RGPH 2014 dans le district d’Abidjan : Mambé engage les couches socio-administratives au succès de l’opération

  • 23/04/2014
  • Source : District d’Abidjan
Le gouverneur du District d’Abidjan, instruit que de le développement n’est possible, dans aucun pays du monde, si celui-ci n’a pas une idée sur le nombre de sa population, soucieux du bien-être de ses administrés, et voulant toujours engager en leur faveur des actions de développement se fondant sur des données chiffrées, a organisé, mardi 22 avril, à la salle Félix Houphouët-Boigny de l’hôtel du District, une rencontre d’échanges autour de la question du recensement général de la population et de l’habitat (RGPH).

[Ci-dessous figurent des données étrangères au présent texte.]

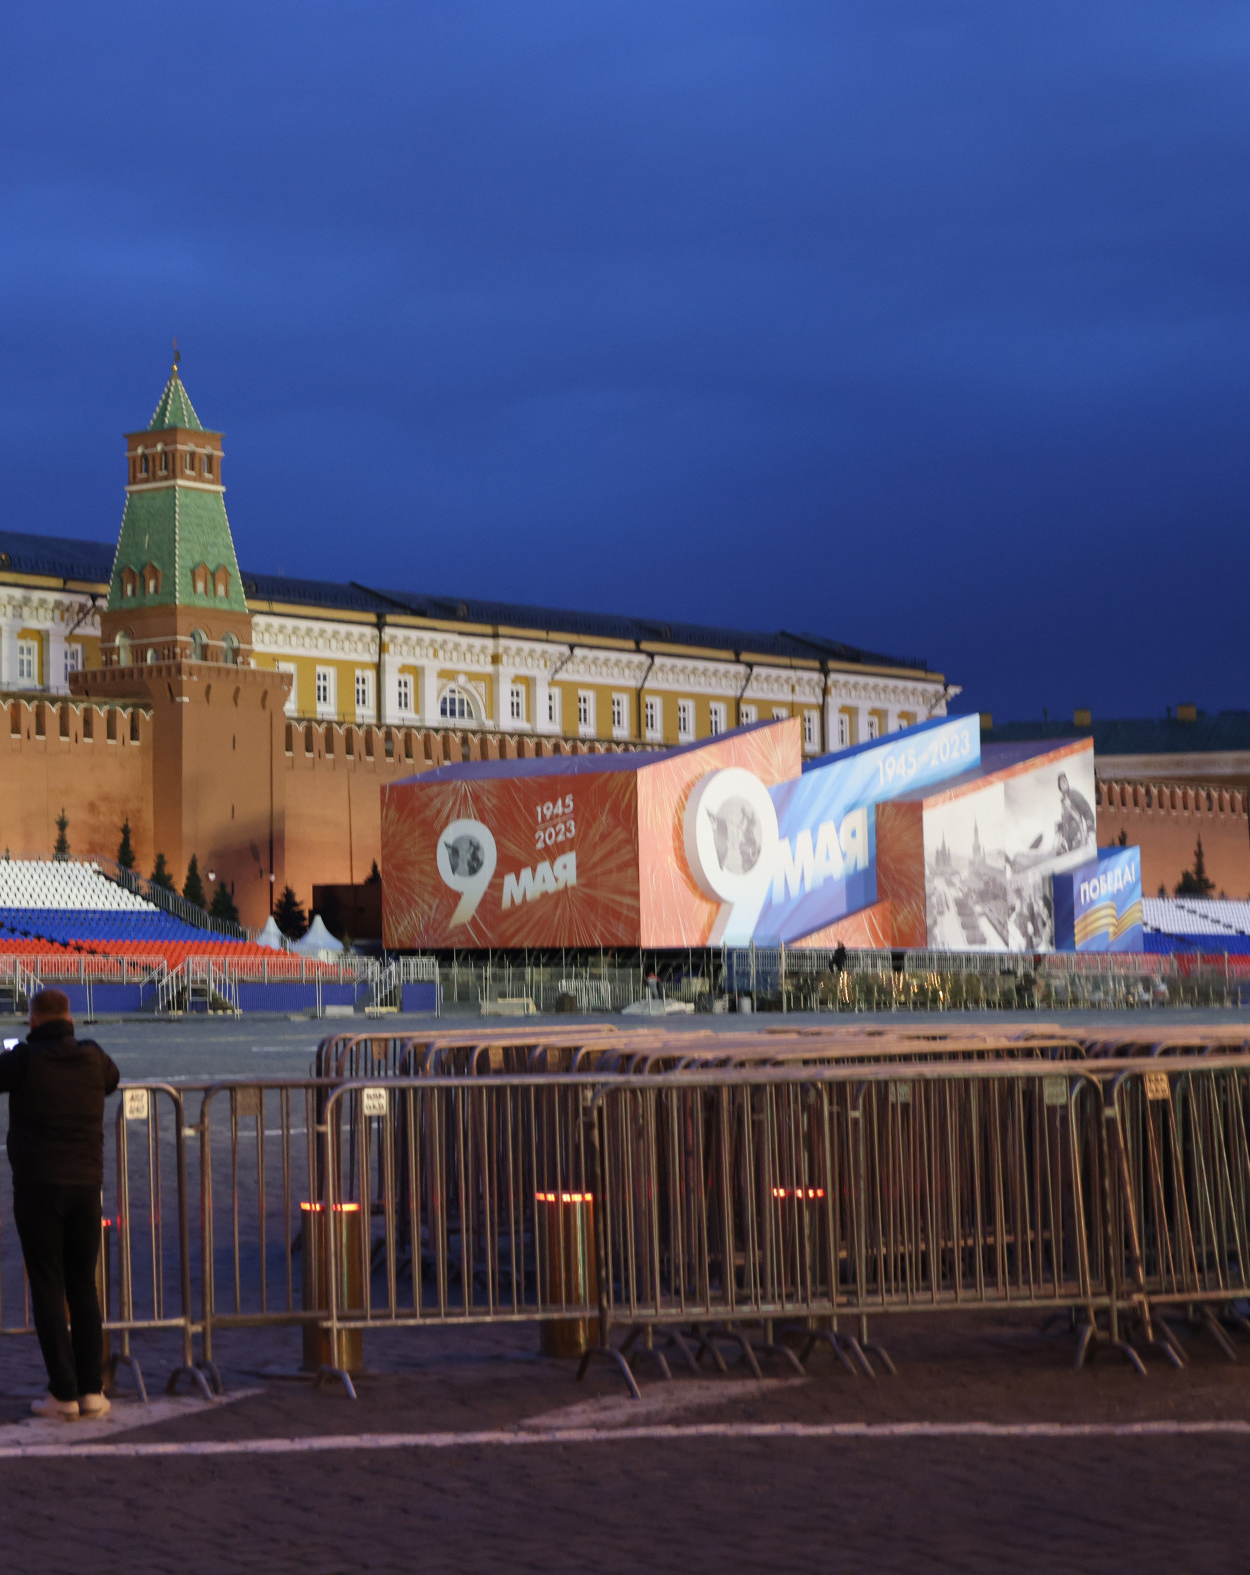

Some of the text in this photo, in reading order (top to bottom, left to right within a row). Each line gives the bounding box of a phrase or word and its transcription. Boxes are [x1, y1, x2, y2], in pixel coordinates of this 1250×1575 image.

[535, 793, 574, 824] 1945
[534, 819, 576, 850] 2023
[683, 766, 870, 947] 9 МАЯ
[436, 818, 577, 930] 9 МАЯ
[1080, 860, 1136, 906] ПОБЕДА!

Cette rencontre, qui a réuni les chefs des 94 villages qui composent le District d’Abidjan, interfaces entre les communautés villageoises et l’administration, les leaders d’opinion, les sous-préfets, les responsables des jeunes et des femmes, les chefs des communautés religieuses et ethniques, a montré, à maints égards, le bien-fondé de l’opération de recensement des populations qui vivent sur le territoire ivoirien.
 
Robert Beugré Mambé, tout en saluant l’intérêt que le gouvernement attache au RGPH, a souligné que la cérémonie du jour vise à ce que les uns et les autres aient les informations les plus justes sur le recensement, "pour que chacun, en son âme et conscience, voit l’intérêt de l’opération".
 
Selon le patron d’Abidjan, "beaucoup de bailleurs de fonds, pour investir dans un pays et déterminer les conditions dans lesquelles ils doivent travailler", ont besoin d’un certain type d’informations. Et ces informations portent sur entre autres questions, celles liées au nombre d’habitants, de villages, d’hôpitaux, d’écoles, d’universités, de commissariats, de gendarmeries, d’étudiants, de médecins, etc.
 
Pour lui, ces questions sont purement techniques. Et l’opération du RGPH, a affirmé avec force conviction le gouverneur Mambé, "est un instrument de travail pour le développement de la Côte d’Ivoire". Elle n’a, selon lui, aucun relent politique. C’est également ce qu’a affirmé de directeur général de l’Institut national de la statistique (INS).
 
En effet, intervenant après le gouverneur Mambé, M. Ibrahima Ba a tenu à lever une équivoque. "Le recensement général n’est pas l’identification". Pour le DG de l’INS, le RGPH est une opération anonyme. Ce qui intéresse cette opération, qui cherche à établir des unités statistiques, ce sont le sexe, l’âge, profession des personnes recensées. Tandis que l’identification, elle, s’intéresse plutôt aux particularismes.
 
Concernant la polémique soulevée quant à la mention ethnique, il a indiqué que pour les statisticiens, l’ethnie et la religion sont deux variables qui leur permettent de reconstituer le fait culturel. Cette mention n’a donc pas à susciter une quelconque suspicion. Puis il a répondu à certaines préoccupations de l’assistance portées par des chefs de villages présents à la cérémonie.
 
Pour sa part, le préfet d’Abidjan a témoigné sa reconnaissance au gouverneur du District d’Abidjan pour l’opportunité qu’il a offert aux chefs de village de s’informer sur le RGPH. Car ces derniers, a souligné M. Sidiki Diakité, sont les relais pour toucher les populations. En tout état de cause, c’est "un grand motif de satisfaction de les avoir réunis pour leur donner les informations". Puis il a plaidé auprès des têtes couronnées, le cas des agents recenseurs, en leur demandant d’être à leurs petits soins pour leur permettre de mener à bien leur mission.